• [Exercise goal] Any images in the records should be skipped; transcribe the rest exactly.

• [Data in this exercise]
|---|

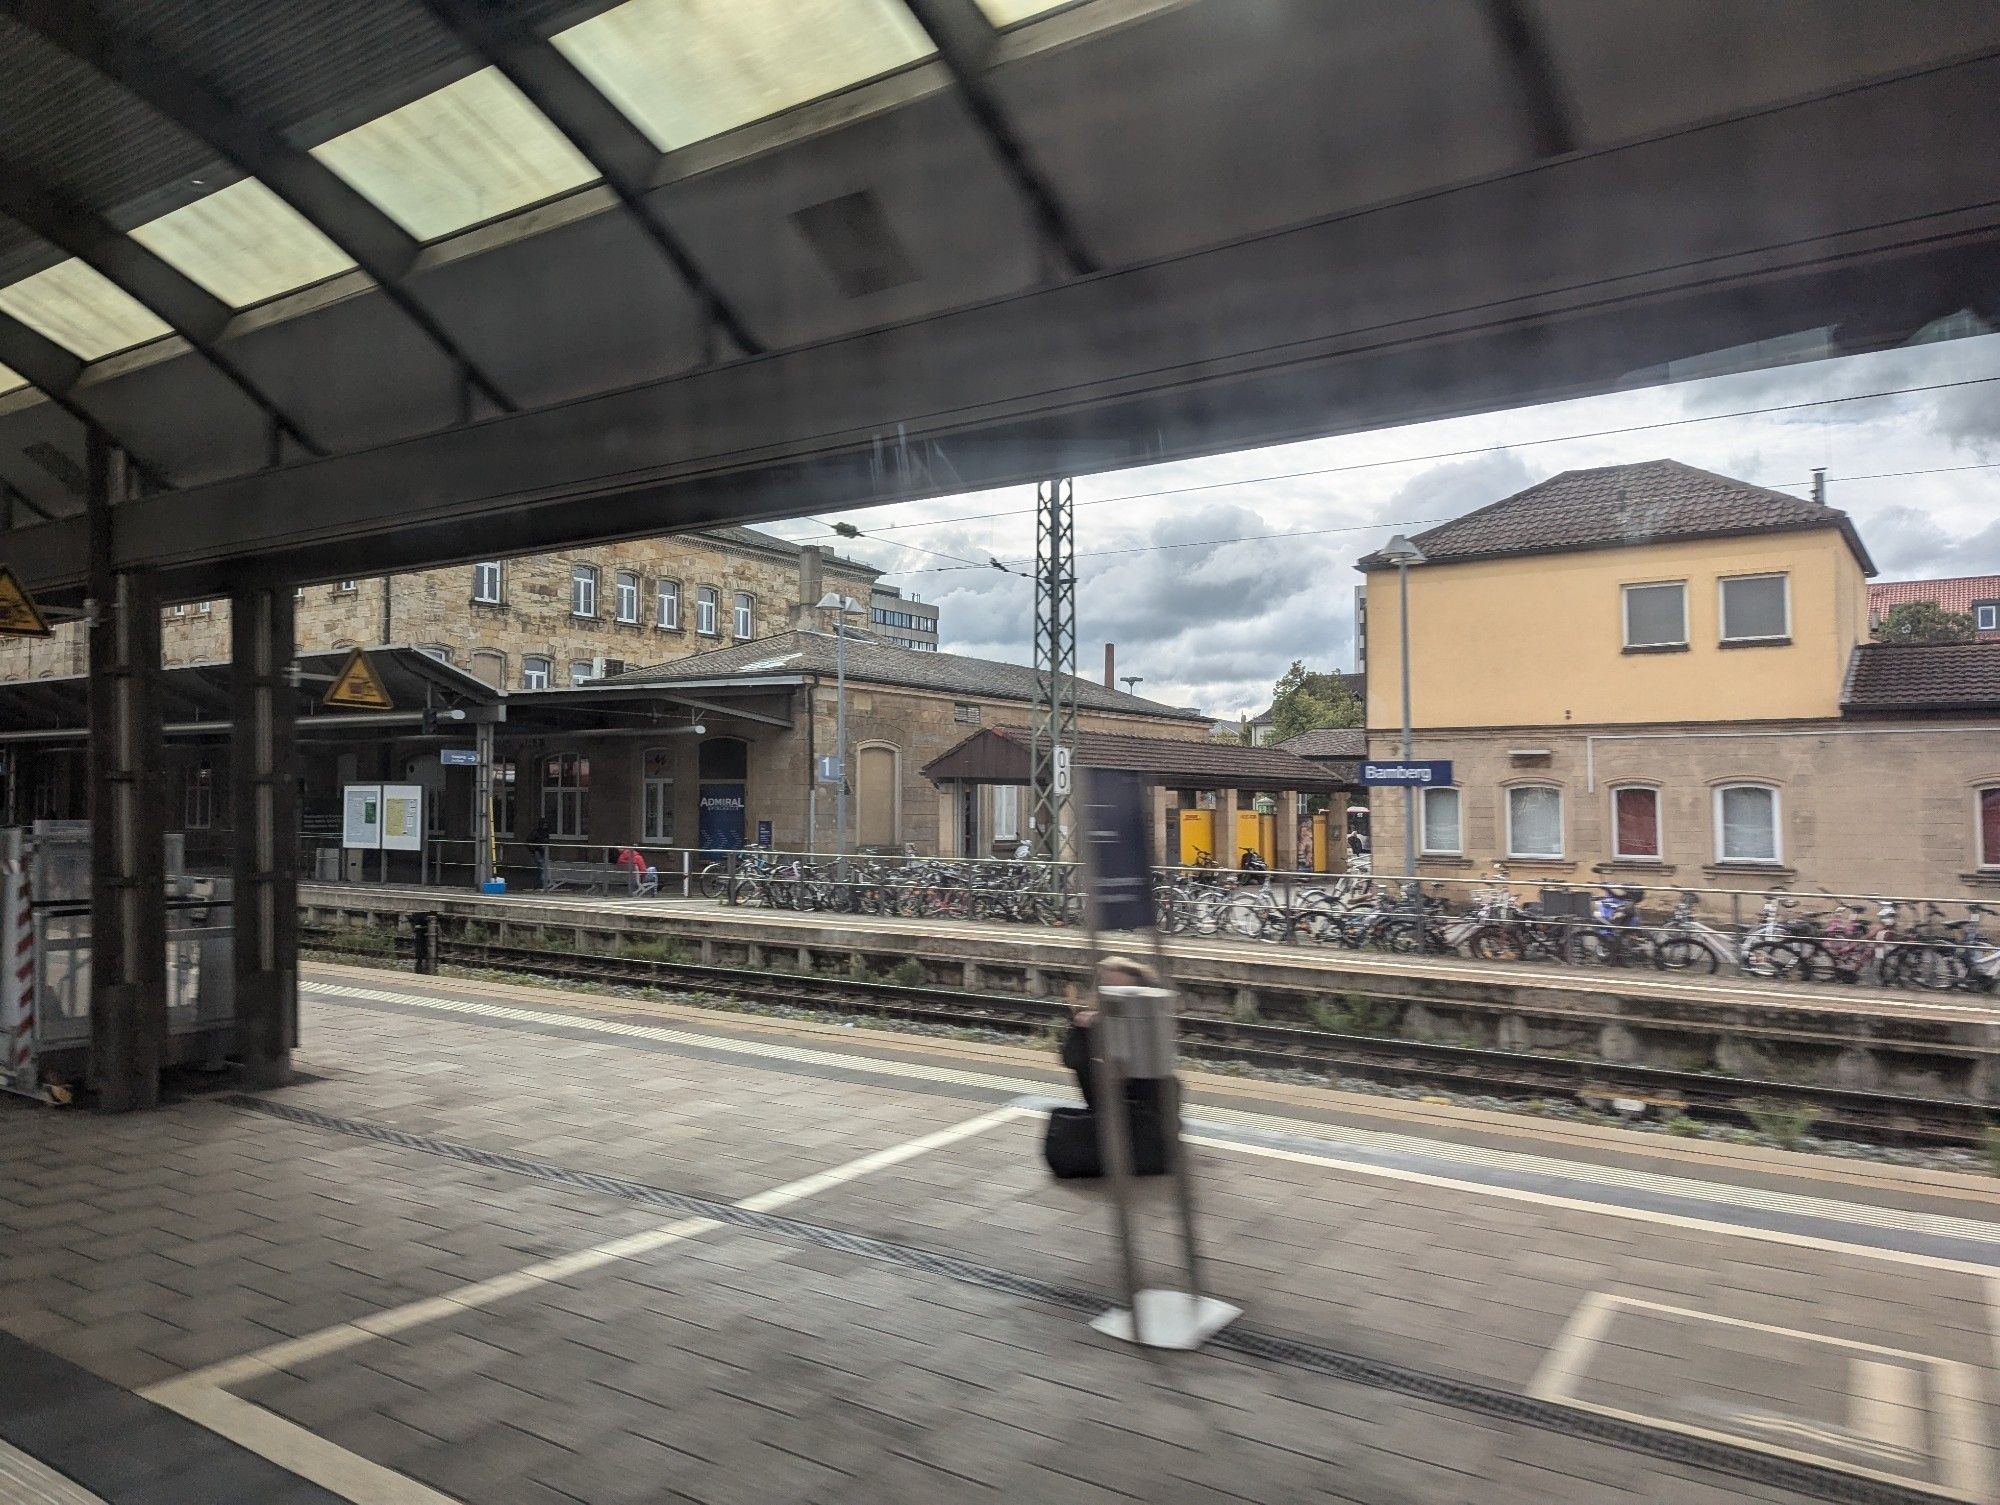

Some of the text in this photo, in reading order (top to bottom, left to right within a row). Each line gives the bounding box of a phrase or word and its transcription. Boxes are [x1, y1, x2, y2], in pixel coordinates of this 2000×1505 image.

[822, 757, 830, 776] 1
[1365, 765, 1432, 782] Bamberg
[700, 797, 745, 808] ADMIRAL
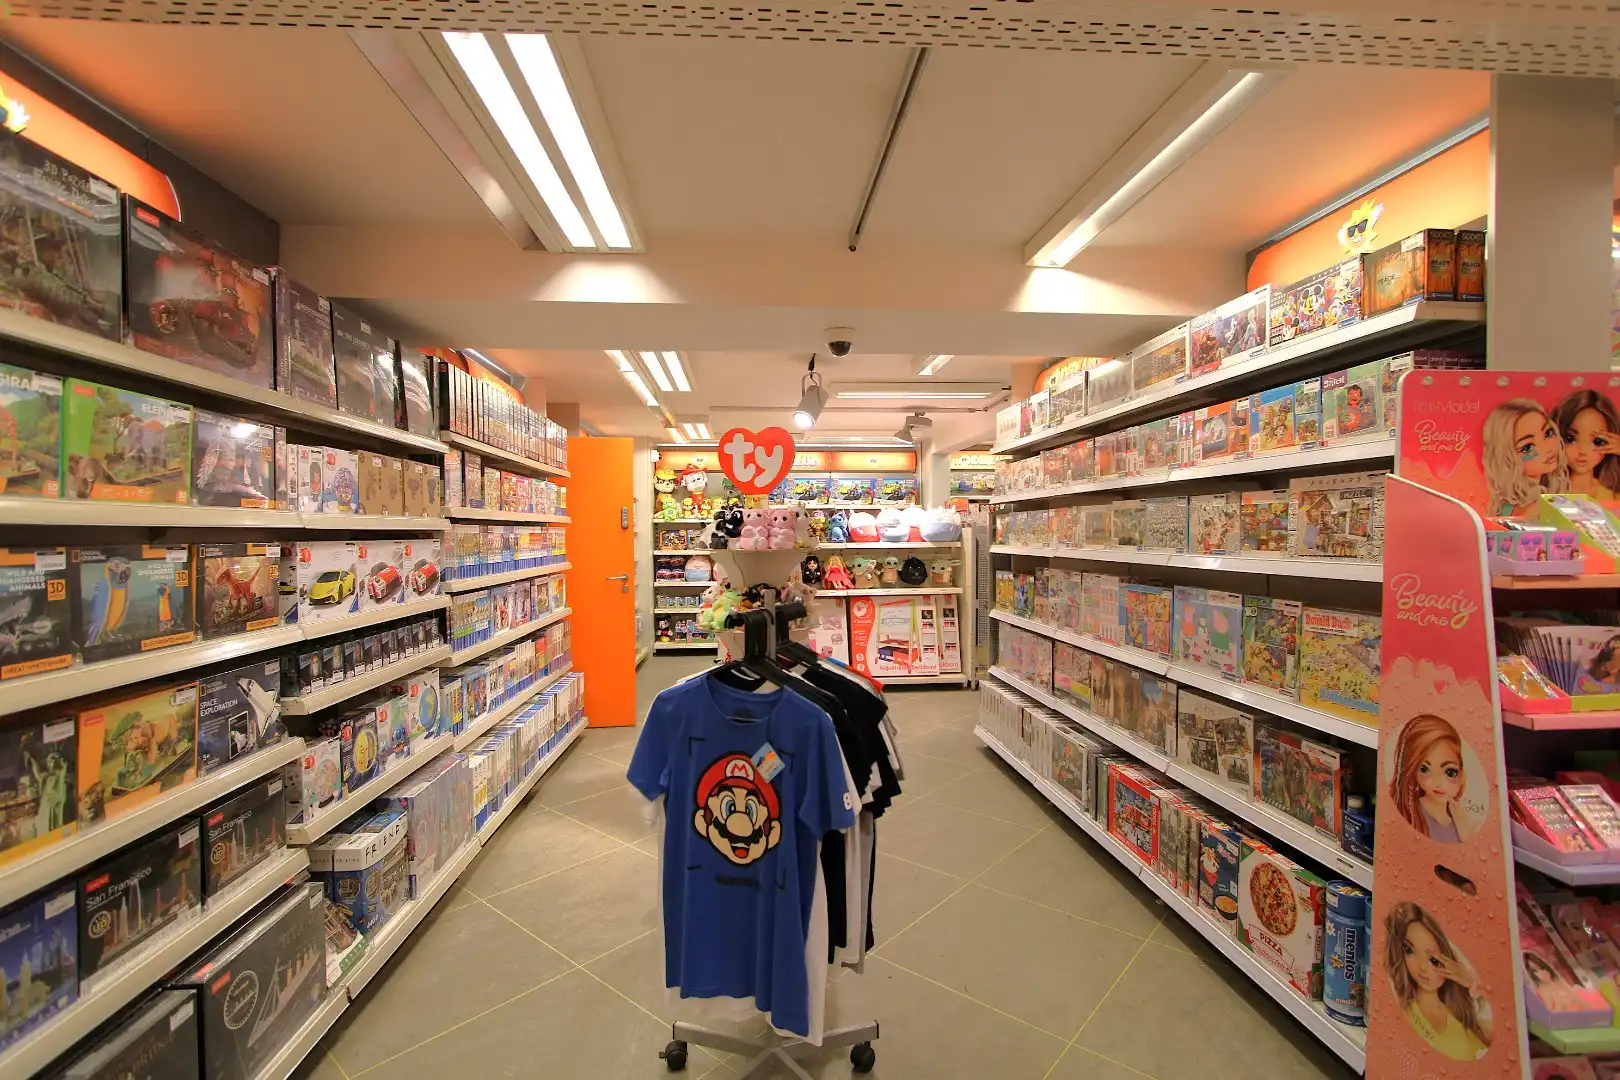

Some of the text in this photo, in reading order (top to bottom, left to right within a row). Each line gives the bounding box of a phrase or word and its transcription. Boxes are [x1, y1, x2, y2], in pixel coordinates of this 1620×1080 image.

|---|

• [Finished task]
Some of the text in this photo, in reading order (top to bottom, left to right within a row). Each line gives the bounding box of a phrase or word and its transcription. Boxes are [x1, y1, x2, y2], in pixel coordinates of this 2000×1505 image.

[822, 757, 830, 776] 1
[1365, 765, 1432, 782] Bamberg
[700, 797, 745, 808] ADMIRAL

Some of the text in this photo, in reading order (top to bottom, left to right within a row). Each line gives the bounding box of a phrase or word and its transcription. Boxes are [x1, y1, x2, y2], in pixel coordinates of this 1620×1080 image.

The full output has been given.